# How tall will Glossostigma Elatinoides grow in low light?



## 150EH (Dec 6, 2004)

I don't think it will grow in low light, atleast my experience has been poor with glosso and not enough light, I checked the plant profiles and they stated medium light, I think you may need CO2 also to get a good carpet but it can get leggy and tall if you don't trim it, I'm no glosso expert so make sure you get a second opinion.


----------



## VeeSe (Apr 16, 2011)

Mine reached 3" before I pulled it out. It probably would have kept going.


----------



## Mannie Bothans (Oct 8, 2011)

Thanks. I'm low-tech, low-light, and a beginner. I'm trying to find a carpet that goldfish won't eat. Doesn't look like glosso is what I need.

I'll keep looking.

Thanks.


----------



## plantbrain (Dec 15, 2003)

Mine is at 1.8W/gal of Tek T5's, low light....and the light bulbs are about 36" from the plant.

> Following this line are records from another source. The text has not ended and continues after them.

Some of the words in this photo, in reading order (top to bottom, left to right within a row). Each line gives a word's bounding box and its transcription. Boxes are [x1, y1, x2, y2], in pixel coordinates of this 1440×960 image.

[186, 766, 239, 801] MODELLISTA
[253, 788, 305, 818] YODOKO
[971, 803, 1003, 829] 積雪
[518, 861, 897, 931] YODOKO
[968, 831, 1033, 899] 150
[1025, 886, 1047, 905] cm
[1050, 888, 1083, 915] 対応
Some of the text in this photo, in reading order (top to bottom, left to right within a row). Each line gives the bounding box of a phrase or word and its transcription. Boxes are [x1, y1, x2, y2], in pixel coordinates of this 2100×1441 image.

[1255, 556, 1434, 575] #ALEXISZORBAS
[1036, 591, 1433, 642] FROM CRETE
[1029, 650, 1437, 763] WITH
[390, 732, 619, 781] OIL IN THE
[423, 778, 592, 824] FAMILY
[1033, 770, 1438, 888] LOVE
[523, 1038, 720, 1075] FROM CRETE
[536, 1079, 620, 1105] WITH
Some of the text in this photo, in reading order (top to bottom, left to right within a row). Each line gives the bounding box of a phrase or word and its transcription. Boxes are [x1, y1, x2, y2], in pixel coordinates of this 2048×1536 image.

You can clearly see that it grows quite well and very low, maybe 1/4" tops.


----------



## plantbrain (Dec 15, 2003)

Mannie Bothans said:


> Thanks. I'm low-tech, low-light, and a beginner. I'm trying to find a carpet that goldfish won't eat. Doesn't look like glosso is what I need.
> 
> I'll keep looking.
> 
> Thanks.


Starougyne roots really well, but I think the fish will mow that also, maybe if it got established prior, then you added the fish.......and used say Excel etc........


----------



## sepehr (Oct 6, 2010)

plantbrain said:


> Mine is at 1.8W/gal of Tek T5's, low light....and the light bulbs are about 36" from the plant.
> 
> You can clearly see that it grows quite well and very low, maybe 1/4" tops.


Just beautiful, how to get those plants to have such a rich red color under low light?


----------



## plantbrain (Dec 15, 2003)

sepehr said:


> Just beautiful, how to get those plants to have such a rich red color under low light?


Good CO2, ferts and sediment, and.....no goldfish plant eating carp:redface:
That's a trade off, but....I have seen some real nice goldy tanks over the years. Nice fish.


----------



## plantbrain (Dec 15, 2003)

Goldfish might not munch Crypts, but they tend to get a bit taller than you might wish.

Larger goldfish will be destructive towards plants. Smaller types much less so.

You might consider having a sand foreground and then background plants like Crypts and Ferns.


----------



## Mannie Bothans (Oct 8, 2011)

I want to be Tom Barr when I grow up.

I will try marsilea first, and if that doesn't work, I might have to give glosso or staurogyne a try.


----------